When to use --include-cold: If you're searching for something very old or obscure that didn't appear in results, add this flag to force a full scan.

When to run gc: Never, unless you care about disk space. Auto-triggers at 80MB DB size. recall gc --dry-run previews what would be deleted. recall gc actually deletes low-score memories (score < 0.5, rarely accessed).

What tiered storage does NOT change:

Query syntax is identical
No configuration files to edit
No cron jobs or background processes
Schema migration is automatic on pip install --upgrade

FAQ

Q: Can hardcoded hot/warm capacity limits cause thrashing?

No. Three layers of protection:

24h cooldown — a demoted memory cannot be promoted back for 24 hours
Lifetime threshold — access_count ≥ 3 required before promotion triggers
Batch operation — replenish_hot() runs during writes, not on the query path

Q: What state does a query see while promote/demote is in progress?

SQLite WAL mode guarantees every reader sees a complete snapshot of the transaction as it began. There is no "tier updated but vector not yet written" intermediate state.

However, promote is not a single atomic operation:

UPDATE tier='hot' → commit
INSERT vec_embedding → commit

A crash between step 1 and step 2 leaves a tier=hot memory with no vector. This memory is still retrievable via keyword+FTS5 — it just won't appear in ANN search results until reindexed.

Q: Can frequent writes bloat the WAL file beyond 80MB?

These are two different numbers:

80MB is the eviction threshold for the main DB file (auto-delete low-score memories), not the WAL size
WAL is a temporary journal; auto-checkpoint (~4MB default) flushes it back to the main DB and clears it

Promote/demote does not fire on every write. It triggers in two cases:

A cold memory is hit during query (cold→warm promote)
The main DB exceeds 80MB (GC demotion)

Each promote is 1-2 INSERT/DELETE statements, not hundreds of rows. The current DB is 32MB — far below the 80MB threshold.
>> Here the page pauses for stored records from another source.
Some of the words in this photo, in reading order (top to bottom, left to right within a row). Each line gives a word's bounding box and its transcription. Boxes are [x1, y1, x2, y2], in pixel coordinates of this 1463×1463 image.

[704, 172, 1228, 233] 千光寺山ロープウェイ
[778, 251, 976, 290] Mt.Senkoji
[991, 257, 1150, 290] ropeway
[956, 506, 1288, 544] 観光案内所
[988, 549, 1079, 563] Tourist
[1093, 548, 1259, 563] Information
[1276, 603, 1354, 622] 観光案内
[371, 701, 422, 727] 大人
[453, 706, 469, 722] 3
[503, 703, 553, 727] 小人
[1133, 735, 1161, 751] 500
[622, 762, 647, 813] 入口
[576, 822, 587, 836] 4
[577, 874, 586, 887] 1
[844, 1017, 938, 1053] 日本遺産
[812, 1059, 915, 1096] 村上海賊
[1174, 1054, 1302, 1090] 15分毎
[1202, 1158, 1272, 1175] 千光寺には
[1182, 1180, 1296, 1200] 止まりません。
Q: Will this wear out an SSD on edge devices?

Each memory write (including all indexes) is ~9KB. At ~17 new memories per day, that's ~56MB per year. Modern SSDs are rated for hundreds of TBW — this amount is below the noise floor.
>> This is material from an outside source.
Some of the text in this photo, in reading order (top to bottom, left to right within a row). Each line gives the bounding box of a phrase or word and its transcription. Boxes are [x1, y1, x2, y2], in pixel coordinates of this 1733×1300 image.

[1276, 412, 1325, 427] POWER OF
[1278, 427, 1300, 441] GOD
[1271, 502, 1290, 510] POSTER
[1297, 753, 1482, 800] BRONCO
Q: Does promote/demote slow down store() under heavy writes?

Currently no. GC checks DB size (_gc_if_needed()) after store() commits, and at 32MB < 80MB threshold it's just a stat() call (<1ms).

If the DB eventually exceeds 80MB, GC runs eviction before store() returns. At that point you can raise the threshold or disable auto-GC and run recall gc manually.

Q: Why 24 hours for the cooldown?

24h is a conservative default to prevent thrashing. A memory demoted to cold was likely not accessed for a long time — if it becomes relevant again within 24 hours, lazy sampling (every 20 queries) will catch it and promote it back. Adjust COOLDOWN_HOURS in store.py to change.

Q: How does this compare to Mem0 / Honcho?

Aspect	recall-sqlite	Mem0	Honcho
Query-time LLM	Zero	Every call	Every call
Forgetting mechanism	✅ Auto tier demotion	❌ None	❌ None
Vector DB	None (SQLite)	Qdrant/PGVector	PostgreSQL
API Key required	No	Yes	Yes
Offline capable	✅ (graceful fallback)	❌	❌
Data storage	Single SQLite file	Self-hosted	Cloud/self-hosted
p50 latency	~80ms	~890ms	~1,420ms

Q: Will there be multi-device sync / CRDT support?

Not currently on the roadmap. recall-sqlite is designed as a local-first, single-device memory layer. The SQLite backend is intentionally simple — no conflict resolution, no cloud sync, no distributed locking.

Sync could theoretically be layered on top (SQLite files are portable), but it would require careful handling of concurrent writes across devices. If you need multi-device memory, Honcho or Supermemory are better fits today.

Status

Production-ready MVP with tiered storage (v0.2.0). Tested against AIngram (tied on 1400 memories × 40 queries).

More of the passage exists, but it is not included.